The show featured performances by Imelda May, Jack L, Gavin James, The High Kings, Colm Wilkinson, Danny O'Reilly of the Coronas, Aoife Scott, Iarla Ó Lionáird, Sibéal Ní Chasaide, Sharon Shannon, Dónal Lunny, John Sheahan, Celine Byrne, Seo Linn and dance troupes Fidget Feet and CoisCéim. As well as the main venue, there were musical performances from the historically significant locations of Kilmainham Gaol and the Garden of Remembrance.

== Video Graphics ==
The various performances that took place during the concert were each accompanied by video graphics throughout. The video graphics featured during the concert were created and displayed by a French company called Cosmo Audio/ Visual (AV). During the sections of the concert that took place in the Bord Gais Energy Theatre, these graphics were displayed on the floor and back wall of the stage. This was through the use of Light-Emitting Diode (LED) technology.

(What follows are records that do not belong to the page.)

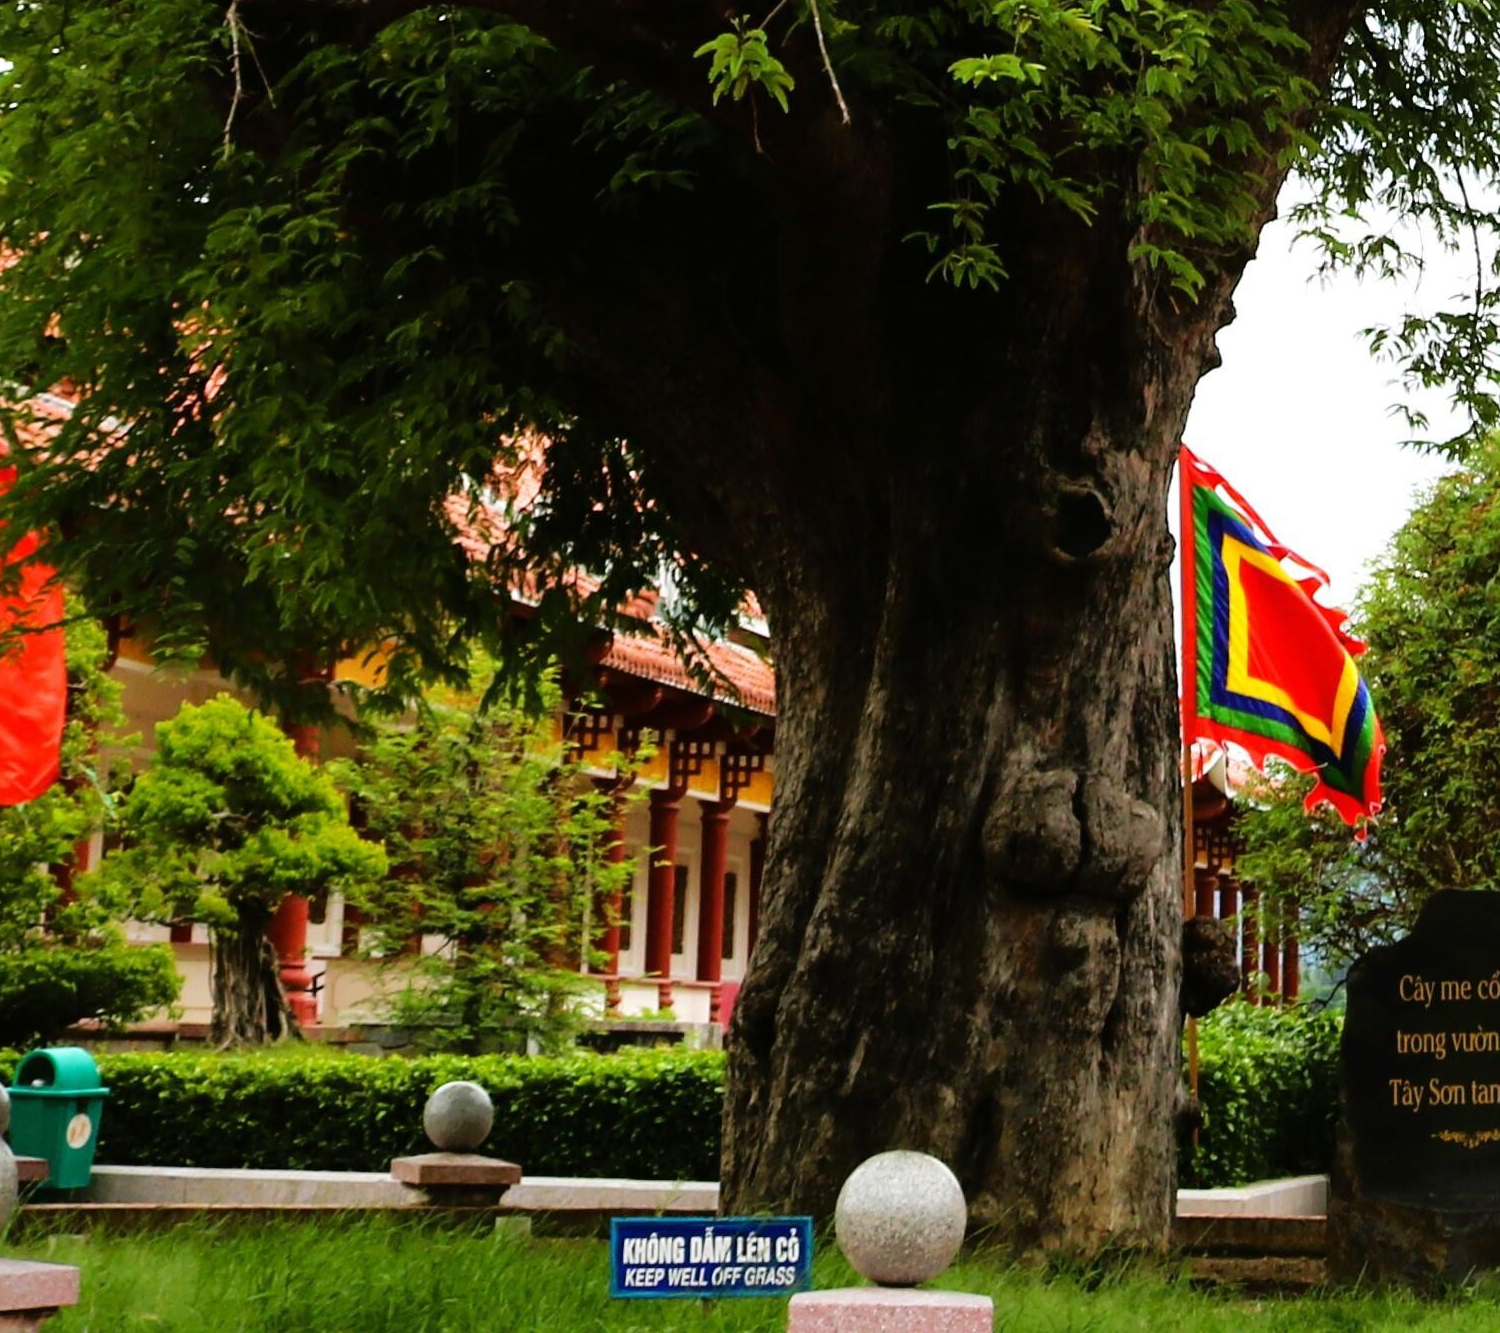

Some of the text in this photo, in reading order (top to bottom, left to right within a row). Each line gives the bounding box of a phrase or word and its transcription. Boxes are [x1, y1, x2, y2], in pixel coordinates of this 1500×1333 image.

[1400, 974, 1435, 1008] Cây
[1441, 981, 1472, 1001] me
[1477, 970, 1500, 1000] cổ
[1397, 1030, 1446, 1060] trong
[1452, 1025, 1500, 1052] vườn
[1389, 1079, 1424, 1113] Tây
[1429, 1078, 1465, 1105] Sơn
[623, 1232, 684, 1265] KHÔNG
[776, 1228, 799, 1262] CỎ
[625, 1267, 795, 1287] KEEP WELL OFF GRASS

The graphics shown during the concert served a similar purpose to the stage’s lighting – establishing the colour scheme and reflecting the thematic aspect of each segment. As such, the contents of these graphics varied widely throughout the 18 chapters of the concert. Abstract moving designs would display on the LED screens during the concert’s dance sequences, before changing to theatrical set backgrounds during scenes of historical re-enactment. The graphics also at times featured video footage, photographs, and politically driven artwork sourced from early 20th-century Ireland.

==Reception==
The show was overwhelmingly positively received, with the Irish Independent calling it 'the finest of what we are – tremendously entertaining and genuinely affecting', describing reaction to ni Chasaide's performance as 'phenomenal'. The Irish Examiner described 'breathtaking performances from Danny O'Reilly, Roisin O and Imelda May as well as Seo Linn [sic]' and that 'viewers felt goosebumps', comparing the show with Riverdance.

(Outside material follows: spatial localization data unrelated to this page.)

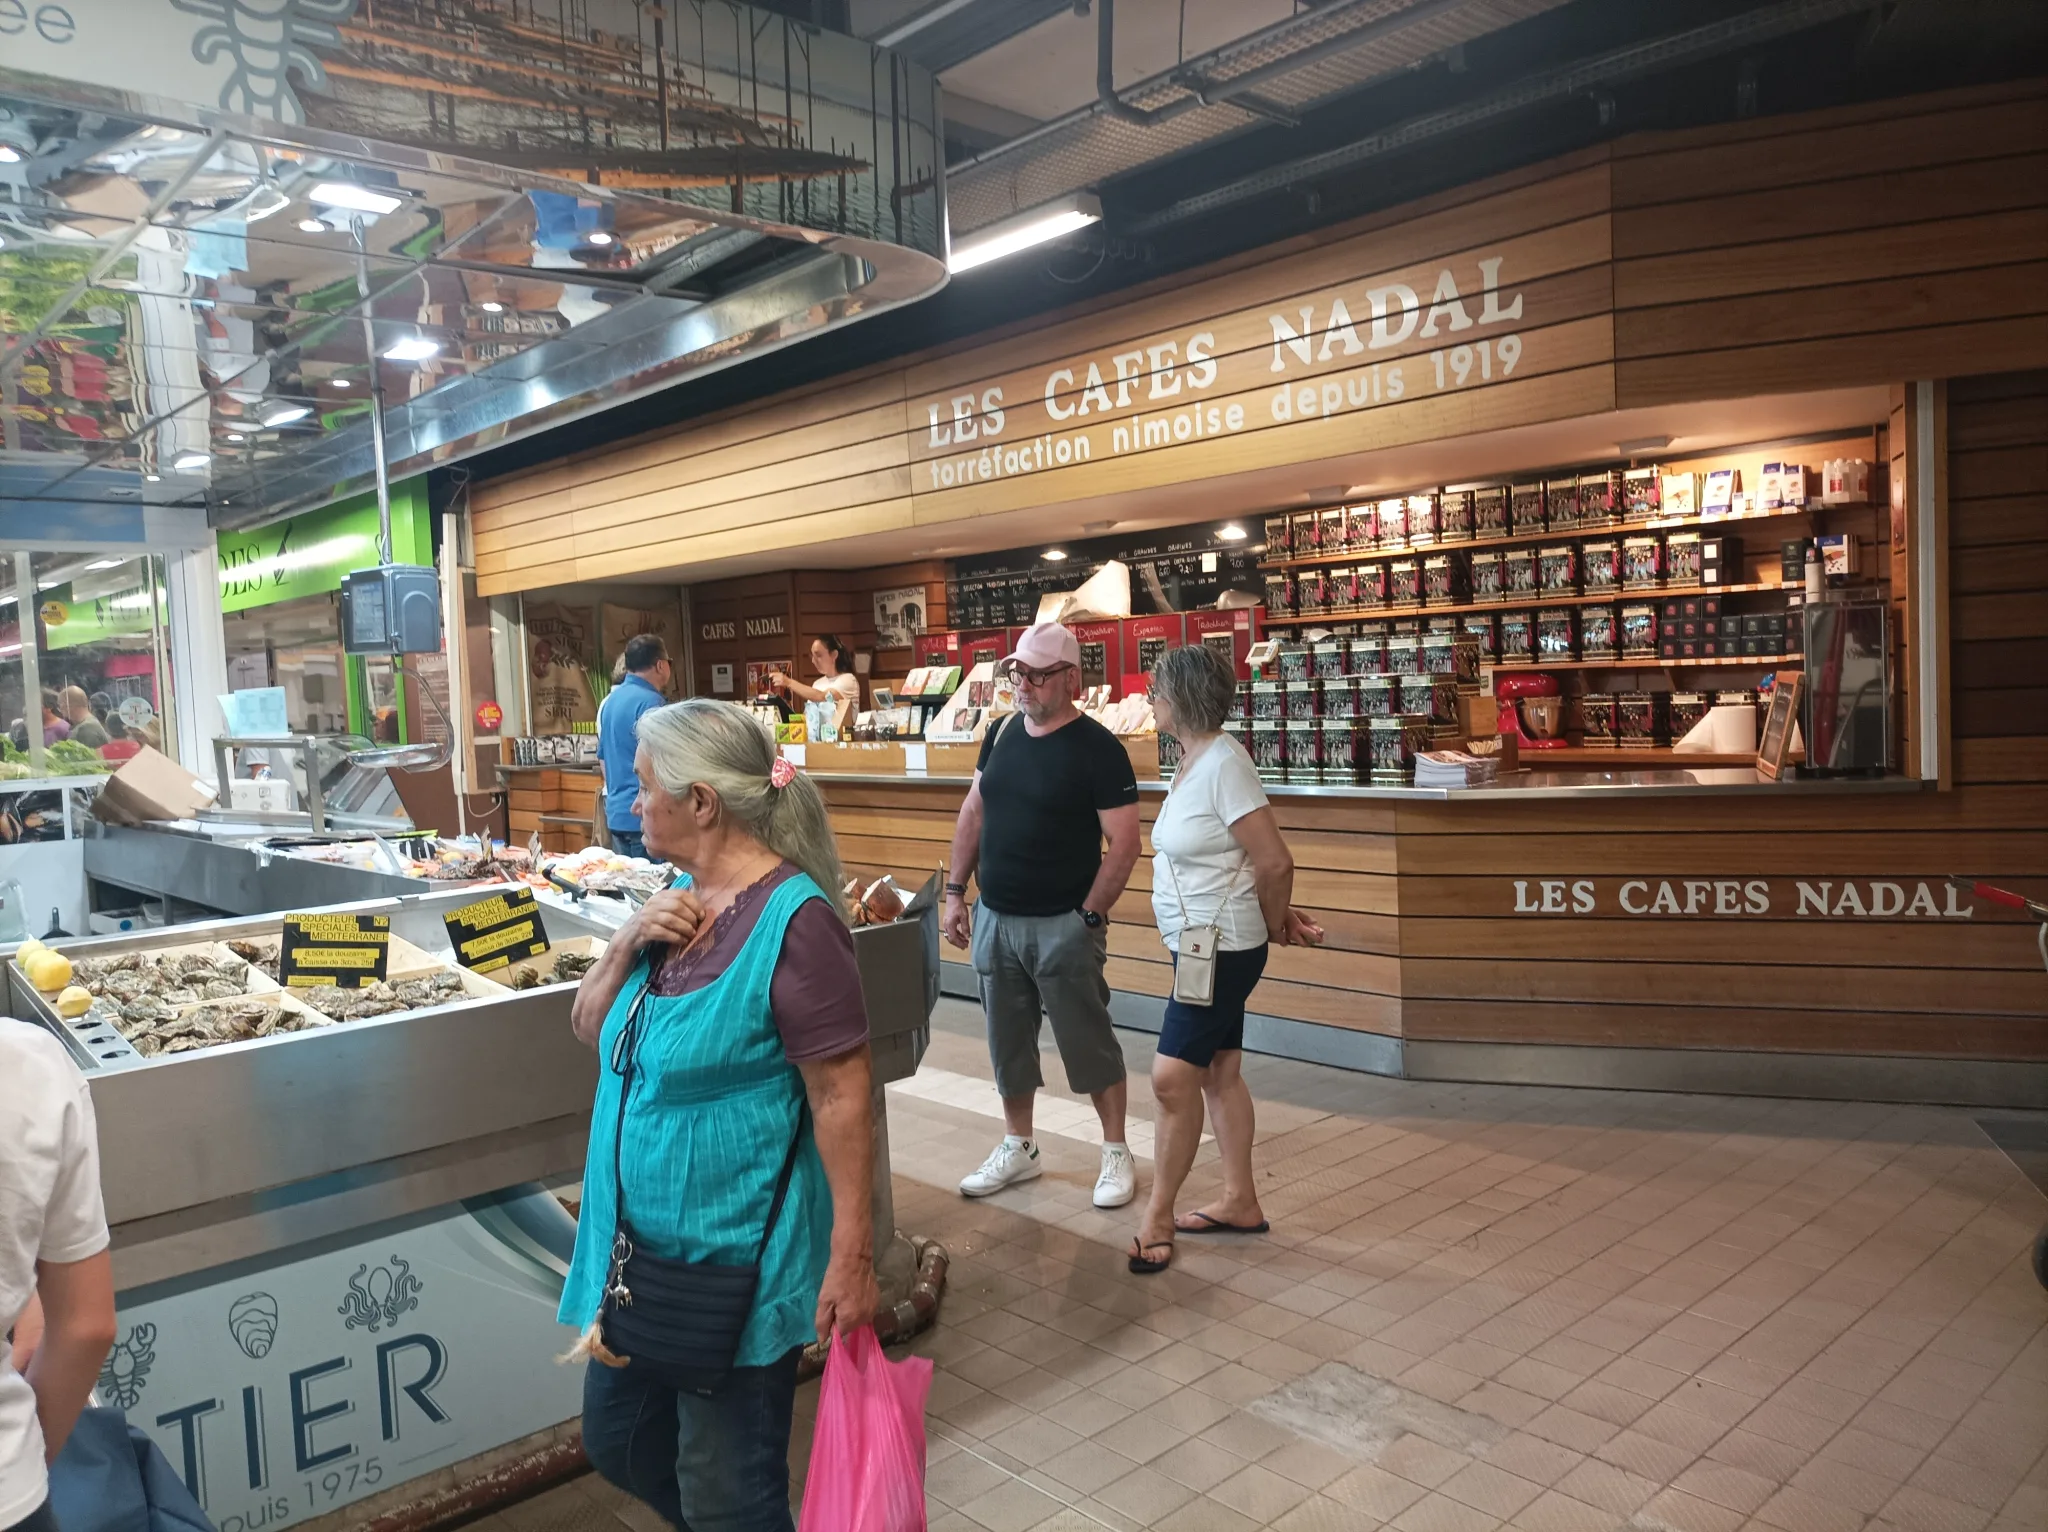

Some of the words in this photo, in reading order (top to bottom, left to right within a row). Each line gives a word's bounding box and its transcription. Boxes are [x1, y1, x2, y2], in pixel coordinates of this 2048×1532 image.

[927, 387, 1006, 448] LES
[1044, 332, 1218, 421] CAFES
[1268, 256, 1523, 372] NADAL
[930, 431, 1090, 488] torréfaction
[1112, 402, 1244, 453] nimoise
[1271, 363, 1405, 422] depuis
[1430, 334, 1522, 389] 1919
[702, 622, 736, 640] CAFES
[746, 617, 784, 636] NADAL
[444, 896, 504, 920] PRODUCTEUR
[1513, 881, 1595, 914] LES
[1618, 881, 1770, 914] CAFES
[1795, 881, 1974, 917] NADAL
[285, 913, 355, 923] PRODUCTEUR
[302, 922, 358, 932] SPECIALES
[461, 903, 509, 925] SPECIALES
[473, 902, 538, 930] MEDITERRANEE
[311, 931, 389, 941] MEDITERRANEE
[155, 1332, 451, 1511] TIER
[303, 1456, 384, 1508] 1975

The show was praised in many reviews for its demonstration of patriotism. Website Entertainment.ie noted in its review that Centenary featured "immense national pride". The website’s review also applauded the inclusion of Irish President Michael D. Higgins in the event, calling his speech "powerful, emotive". President Higgins' speech is further praised by the Irish Film & Television Network (IFTN), as he chose to pay tribute to "all the Irish rebels who died during the Rising in both Irish and English".